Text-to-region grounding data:
--- START ---
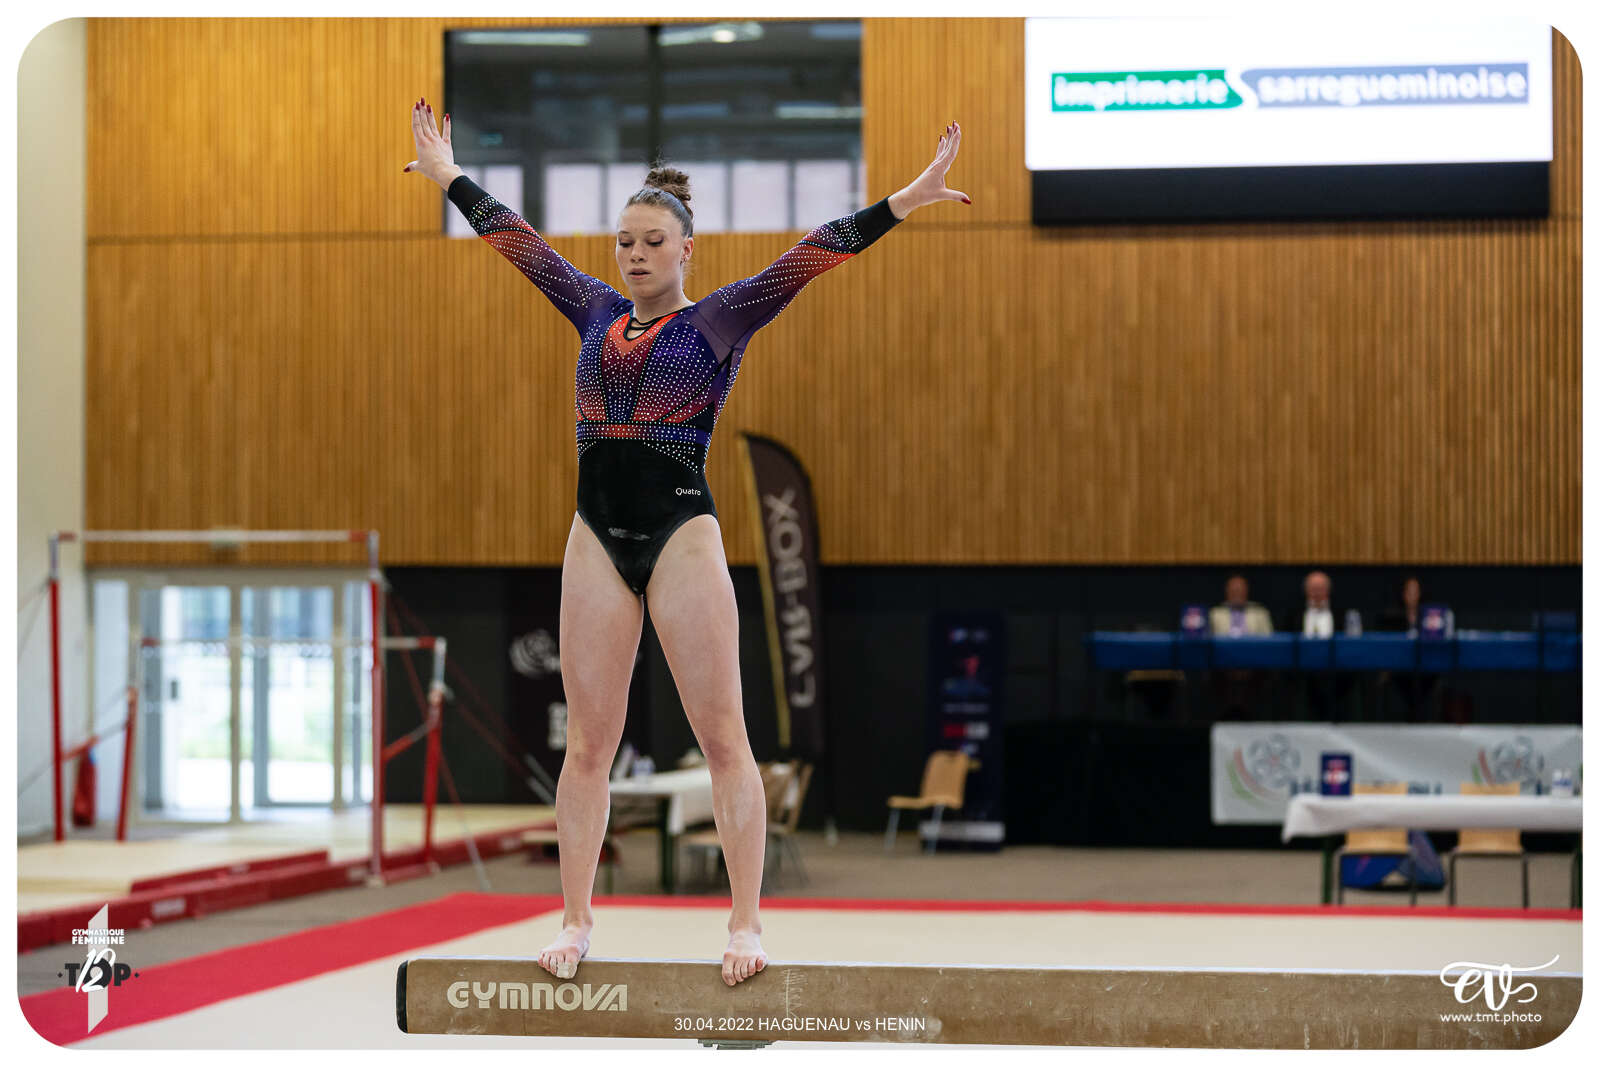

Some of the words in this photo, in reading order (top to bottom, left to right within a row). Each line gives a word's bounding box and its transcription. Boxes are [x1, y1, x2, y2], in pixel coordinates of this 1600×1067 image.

[1053, 73, 1230, 111] imprimerie
[1258, 67, 1527, 106] sarregueminoise
[675, 487, 701, 496] Quatro
[447, 981, 628, 1012] GYMNOVA
--- END ---
◆ How to complete this task:
With the pictures set aside, please write out all of the records above exactly.

◆ Response area:
Some of the words in this photo, in reading order (top to bottom, left to right within a row). Each line gives a word's bounding box and its transcription. Boxes are [x1, y1, x2, y2], in pixel coordinates of this 1600×1067 image.

[1053, 73, 1230, 111] imprimerie
[1258, 67, 1527, 106] sarregueminoise
[675, 487, 701, 496] Quatro
[447, 981, 628, 1012] GYMNOVA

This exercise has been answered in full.